Defence Minister Kenea Yadeta claimed the military had "rescued" certain regions of Tigray and would be installing new leaders to manage the region's affairs.
"The transitional administration will be formed in parts of the Tigray Regional State that have been set free from the extremist group of TPLF," Kenea said, according to a report by the Ethiopian News Agency.
Meanwhile Debretsion, the Tigray leader, claimed this week his region had been attacked "on a separate front" by Eritrean forces, as the TPLF fought with the ENDF on the other.
The TPLF, according to an estimate by the International Crisis Group, may have about 250,000 fighters.
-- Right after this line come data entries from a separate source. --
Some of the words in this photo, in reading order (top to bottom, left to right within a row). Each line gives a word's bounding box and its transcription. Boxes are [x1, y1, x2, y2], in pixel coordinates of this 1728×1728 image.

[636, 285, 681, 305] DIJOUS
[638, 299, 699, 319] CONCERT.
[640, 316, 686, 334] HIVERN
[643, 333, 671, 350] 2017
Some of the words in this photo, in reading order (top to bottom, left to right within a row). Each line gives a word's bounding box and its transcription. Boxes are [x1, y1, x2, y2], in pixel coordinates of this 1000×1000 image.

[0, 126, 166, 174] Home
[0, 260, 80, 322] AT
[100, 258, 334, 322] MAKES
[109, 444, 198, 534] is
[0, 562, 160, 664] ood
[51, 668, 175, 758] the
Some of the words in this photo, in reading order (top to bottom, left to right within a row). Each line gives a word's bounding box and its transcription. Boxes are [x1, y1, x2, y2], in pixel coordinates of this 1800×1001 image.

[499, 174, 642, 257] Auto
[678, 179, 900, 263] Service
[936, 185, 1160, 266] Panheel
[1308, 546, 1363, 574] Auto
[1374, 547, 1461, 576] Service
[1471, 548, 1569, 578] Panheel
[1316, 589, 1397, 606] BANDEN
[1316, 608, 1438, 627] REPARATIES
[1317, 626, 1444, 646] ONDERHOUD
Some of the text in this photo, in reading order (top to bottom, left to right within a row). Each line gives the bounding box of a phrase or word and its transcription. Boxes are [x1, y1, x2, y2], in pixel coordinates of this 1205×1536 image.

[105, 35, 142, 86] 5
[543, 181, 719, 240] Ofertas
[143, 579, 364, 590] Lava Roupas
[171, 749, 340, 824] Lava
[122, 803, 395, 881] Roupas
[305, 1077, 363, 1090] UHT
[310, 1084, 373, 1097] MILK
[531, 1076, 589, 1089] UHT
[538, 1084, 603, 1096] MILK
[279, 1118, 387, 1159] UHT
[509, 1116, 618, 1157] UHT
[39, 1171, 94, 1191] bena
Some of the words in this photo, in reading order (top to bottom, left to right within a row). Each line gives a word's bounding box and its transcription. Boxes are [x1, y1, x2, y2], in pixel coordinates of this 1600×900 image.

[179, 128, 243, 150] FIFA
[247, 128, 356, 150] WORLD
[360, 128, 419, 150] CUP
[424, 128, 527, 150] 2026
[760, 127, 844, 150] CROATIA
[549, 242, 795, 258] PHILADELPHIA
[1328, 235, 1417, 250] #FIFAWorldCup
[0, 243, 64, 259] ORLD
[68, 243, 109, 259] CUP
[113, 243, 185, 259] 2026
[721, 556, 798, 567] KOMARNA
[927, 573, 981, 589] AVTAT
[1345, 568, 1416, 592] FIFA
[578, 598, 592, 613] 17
Government forces said they would continue to target them, as well as fuel and artillery depots.
While military casualties are not clear, the humanitarian toll continues to rise. On Thursday Amnesty International said its investigators had confirmed a "massacre" of hundreds of civilians in western Tigray.
Deprose Muchena, the Amnesty International director for East and Southern Africa, said his team had confirmed the massacre occurred on November 9 and the victims may have been casual labourers in the town. But he added that they had been unable to tell who was responsible for the massacre.
"This is a horrific tragedy whose true extent only time will tell as communication in Tigray remains shut down," Mr Muchena said. "The government must restore all communication to Tigray as an act of accountability and transparency for its military operations in the region, as well as ensure unfettered access to humanitarian organisations and human rights monitors."
On Thursday, Redwan Hussein, the spokesperson of the state of emergency committee set up to manage the operation in Tigray, said the TPLF were manipulating communication channels.
"For lack of information that everybody has, it is also true for the government because we cannot call, we cannot travel there. The only access we have is through our aircrafts which are bombarding areas where we have depots of fuel and artillery," Redwan said in a briefing.
"We don't think it will be long if we keep pushing. They will reopen it for their own sake."
The bitter history between Eritrea and TPLF came to the fore after Dr Debrestion claimed Eritrean forces were attacking his forces. Eritrea fought a bitter war with Ethiopia under the TPLF government between 1998 and 2000 and it appears the bad blood never flowed away.
Asmara denied the accusation, but some analysts think Isaias Afwerki's government may be an interested party in the conflict, sandwiching Tigray in the middle.
"This war would not have been conceivable without Afwerki's active incitement, [and] backing," argued Rashid Abdi, a Horn and Gulf researcher and analyst in Nairobi.
"What are his strategic aims?" he posed. Afwerki, Abdi observed, would be interested in overthrowing the TPLF, replace it with a weak government controlled by the friendly regime in Addis. In turn, that would end federalism in Ethiopia and plans to democratise the Horn.
Despite PM Abiy's insistence that the crackdown on TPLF would last only a few days, experts warn of a longer, more intractable conflict. "A war in Ethiopia could trigger massive displacement and transfer of populations, sending millions of refuges across neighbouring countries," Dr Mustafa Ali, Chairman of the Horn International Institute for Strategic Studies in Nairobi, told The EastAfrican.
"The Regional implications are dreadful."
According to him, an overstretched ENDF could pull all its troops from Somalia, exposing the country to al-Shabaab resurgence during election season next month, and sucking in troop contributing countries, including Kenya and Uganda, deeper into the conflict.